The GTA Construction Report Special Feature
Tina Positano grew into her family’s now 60-year-old business. Beginning by working a few weeks during the summer when she was 16, she is now office administrator and runs the diversified paving and construction company alongside her brothers.
“When I was a teen I operated the roller and swept the lots clean. By the time I was 19, I worked on the sales side, driving from Sudbury to Hearst Ontario and tracking about 30,000 miles each season.”
Besides residential work, the company also worked for municipalities in the small towns across Northern Ontario.
After the birth of her son, she stopped traveling and moved into running the office. “I think many people believe the role of a woman is in the office. While this role has suited me at various stages in my career, my time on the road, learning and talking to people about our product has earned me respect as someone who knows all sides of the business.”
She says it also proved to be an advantage as a female in this industry to keep her maiden name, always showing that connection to the business and its roots.
When the business relocated to Simcoe County in 1985, Positano became involved with Elmvale, where she served as Chamber of Commerce president for a year. “In 1989 our company was selected to represent Canada on a trade mission to the U.S. for the granite and marble industry (the company also owned a quarry).
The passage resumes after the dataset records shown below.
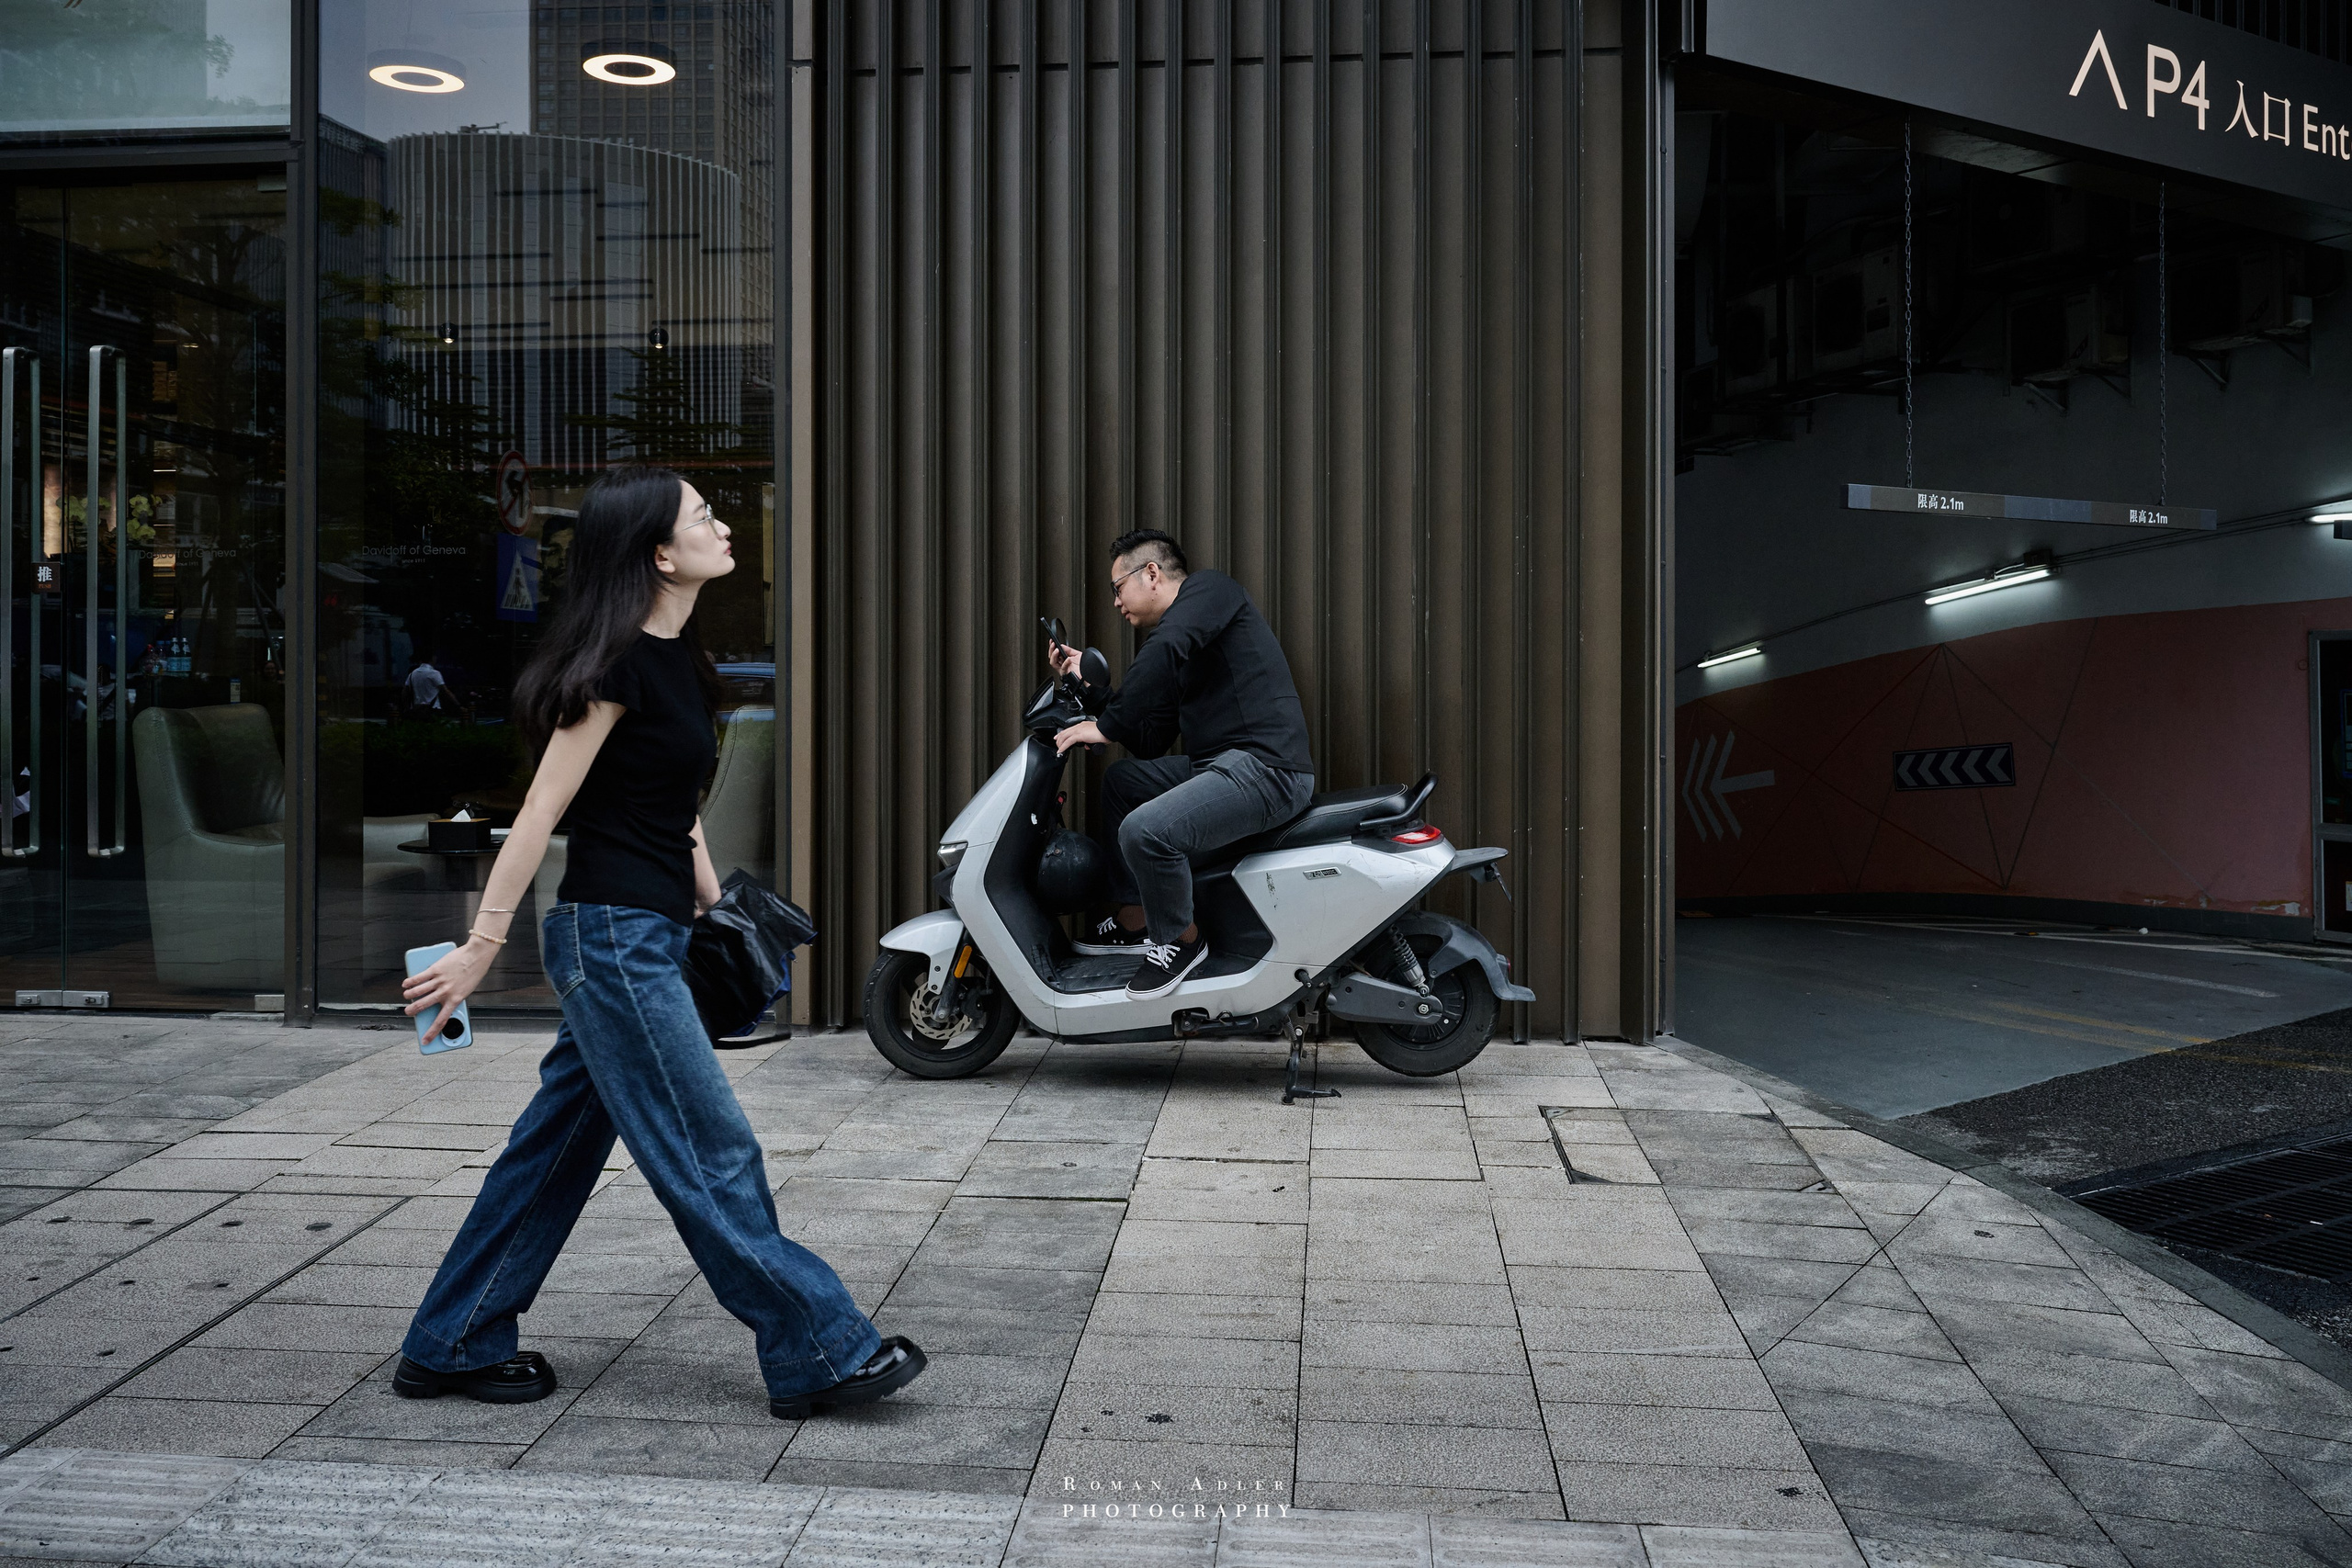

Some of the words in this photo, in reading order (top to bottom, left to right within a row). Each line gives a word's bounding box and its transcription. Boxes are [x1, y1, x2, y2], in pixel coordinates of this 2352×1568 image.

[2147, 43, 2210, 130] P4
[2224, 80, 2291, 147] 入口
[2303, 103, 2352, 161] Ent
[1917, 493, 1939, 510] 限高
[1940, 496, 1964, 511] 2.1m
[2130, 509, 2146, 524] 限高
[2148, 512, 2168, 525] 2.1m
[184, 548, 194, 558] of
[362, 545, 407, 556] Davidoff
[409, 545, 421, 556] of
[423, 545, 466, 556] Geneva
[38, 566, 53, 581] 推
There were seven businesses selected and I was the only female.”
At the time Positano Paving was a part of a test pilot program for small business through the Federal Business Development Corp. of Canada. This led to Positano taking on the role of small business consultant. “When the Free Trade Agreement came into effect in 1991 I relocated for a decade to the United States and work as a management consultant. I also owned and worked as editor of two small tourism newspapers and was executive director for an Arizona based Chamber of Commerce.”
Returning to Barrie after getting breast cancer, Positano took the skills she had acquired in her many roles and applied them to helping her brothers, who were now running the company, grow the business. “Over the past 13 years we have grown the business 300 per cent.”
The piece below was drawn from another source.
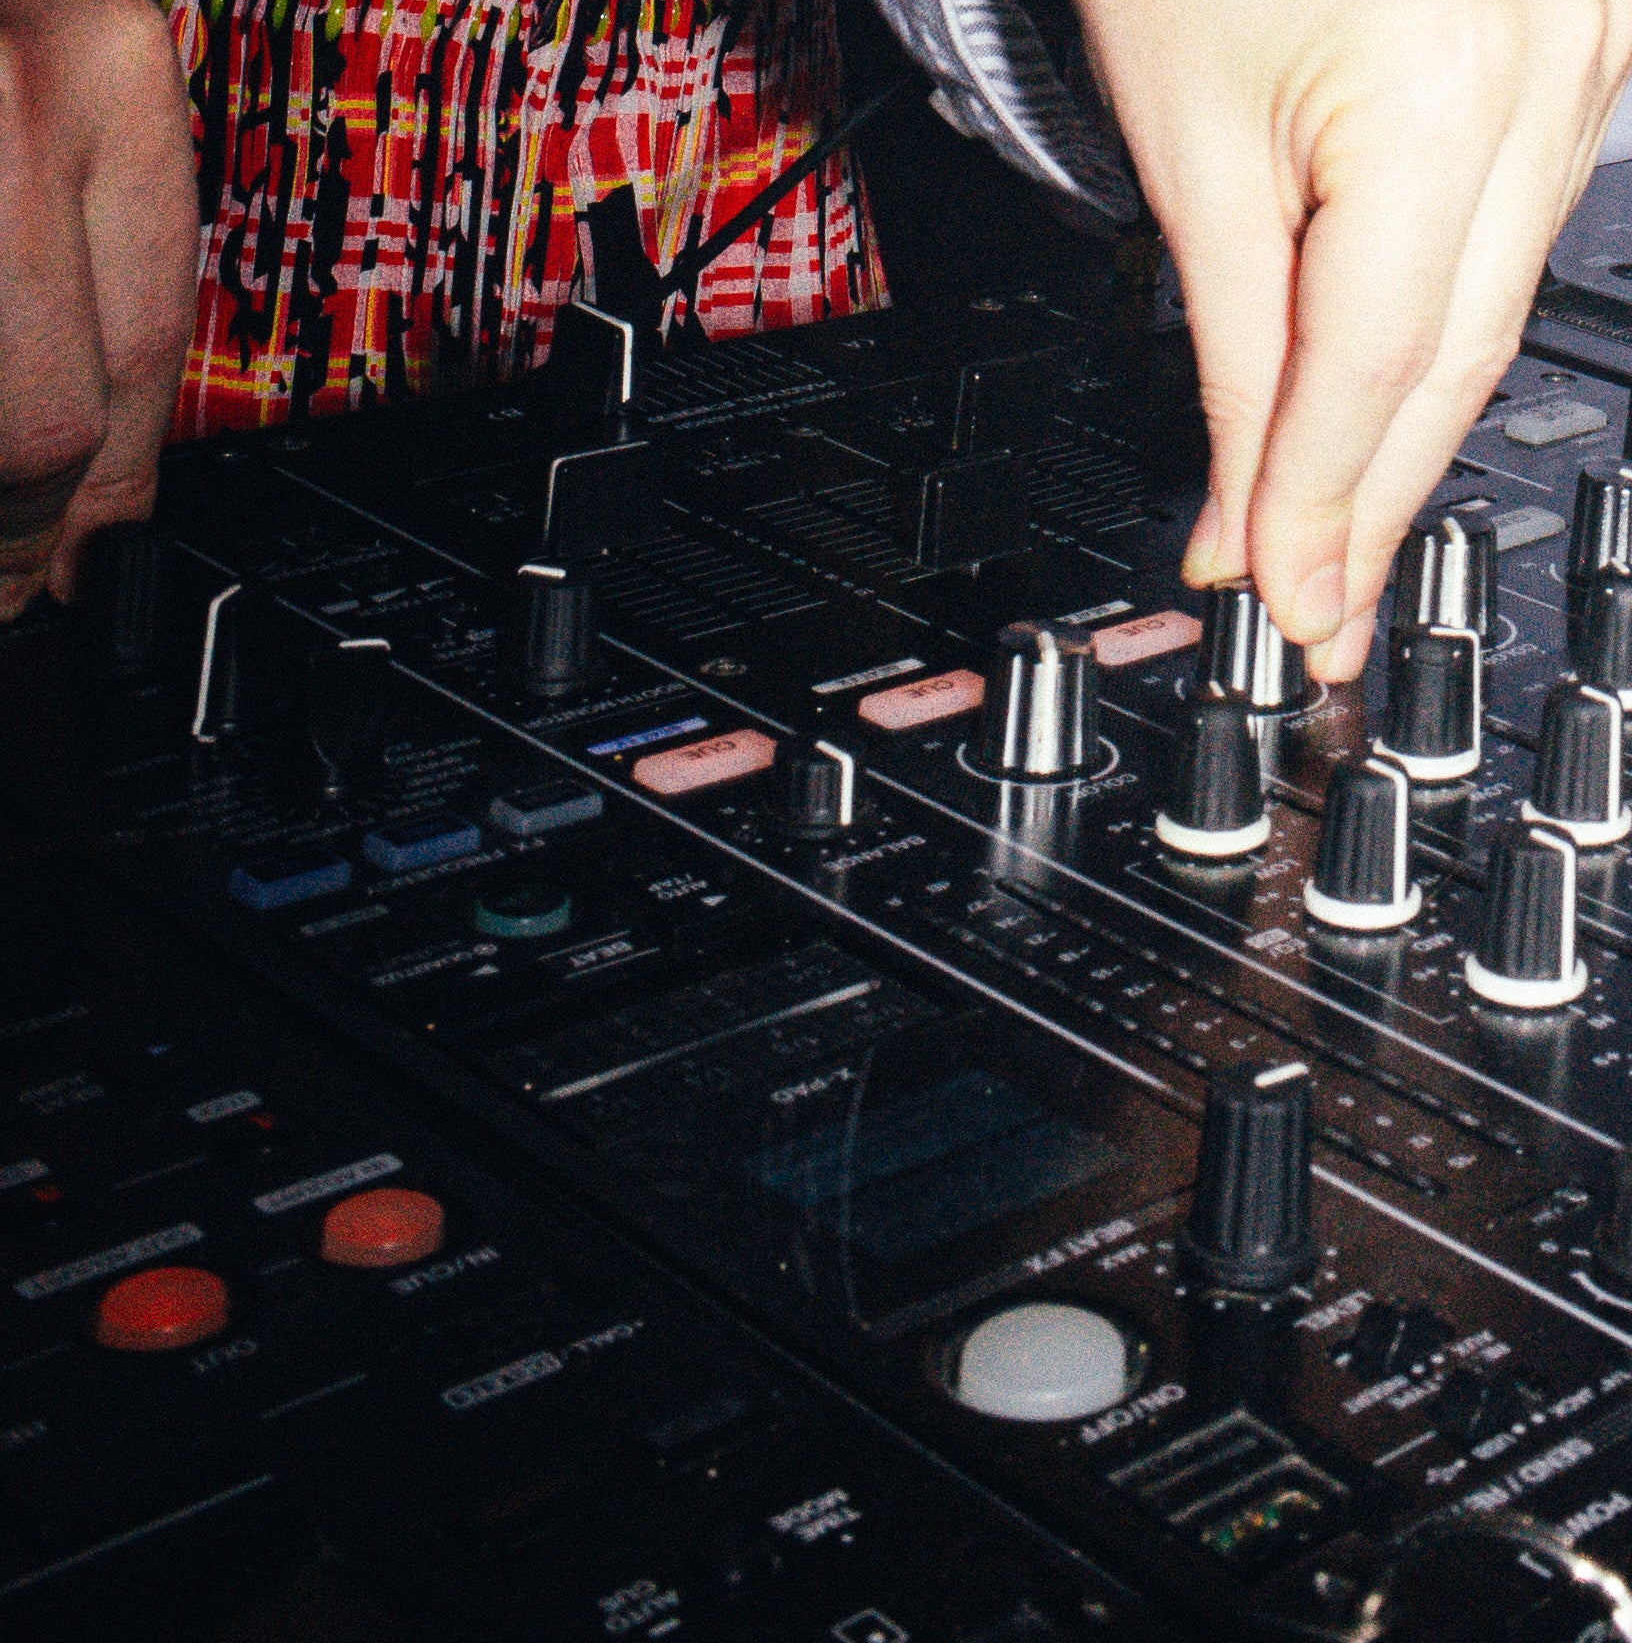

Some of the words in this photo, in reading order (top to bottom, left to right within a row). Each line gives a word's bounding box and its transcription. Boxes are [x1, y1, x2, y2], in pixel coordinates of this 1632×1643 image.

[1118, 619, 1165, 638] CUE
[909, 678, 955, 699] CUE
[683, 738, 737, 760] CUE
Positano has expanded its work to include concrete and snow plowing and removal, taking the business from a seasonal venture to a year round enterprise.
She says she rarely meets other women in the industry because even now, women almost always work in the office. “Growing up with three younger brothers the idea of working in a male dominated industry was never daunting and I rarely felt treated different as a woman.”
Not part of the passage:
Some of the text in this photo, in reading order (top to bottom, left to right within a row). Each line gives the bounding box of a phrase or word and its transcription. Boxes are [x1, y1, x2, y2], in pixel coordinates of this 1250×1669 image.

“I have never encountered anyone who told me this was not the business for me. I’ve learned so much through this business and experienced so many things. I could not have ventured out and been able to experience a decade living and working in the southwest U.S. without the background I acquired working in this industry.”
Positano believes both a lack of opportunity and knowledge keep women from pursuing construction careers. “It takes a lot of time to know this industry, to have trust in your opinions and knowledge. Even now I am always learning.”
She says a father and brothers who treated her as an equal provided her opportunity and she is very fortunate for that.
She says she would recommend this as a career to other women but cautions it is a long process and learning curve. “It can be very rewarding and once (women) know their stuff, they will be employable at many firms. They just have to believe and know they can do it.”
To those considering a career she says: “If you like machines get in them, learn how to use them. Start at the bottom. Think outside the box and the office, go on site visits, learn everything you can and experience, experience, experience.”
Positano and her brothers received a Molson Canada community initiative grant and with it planted 500 trees in Barrie’s south end. The company is a member of the Barrie Construction Association.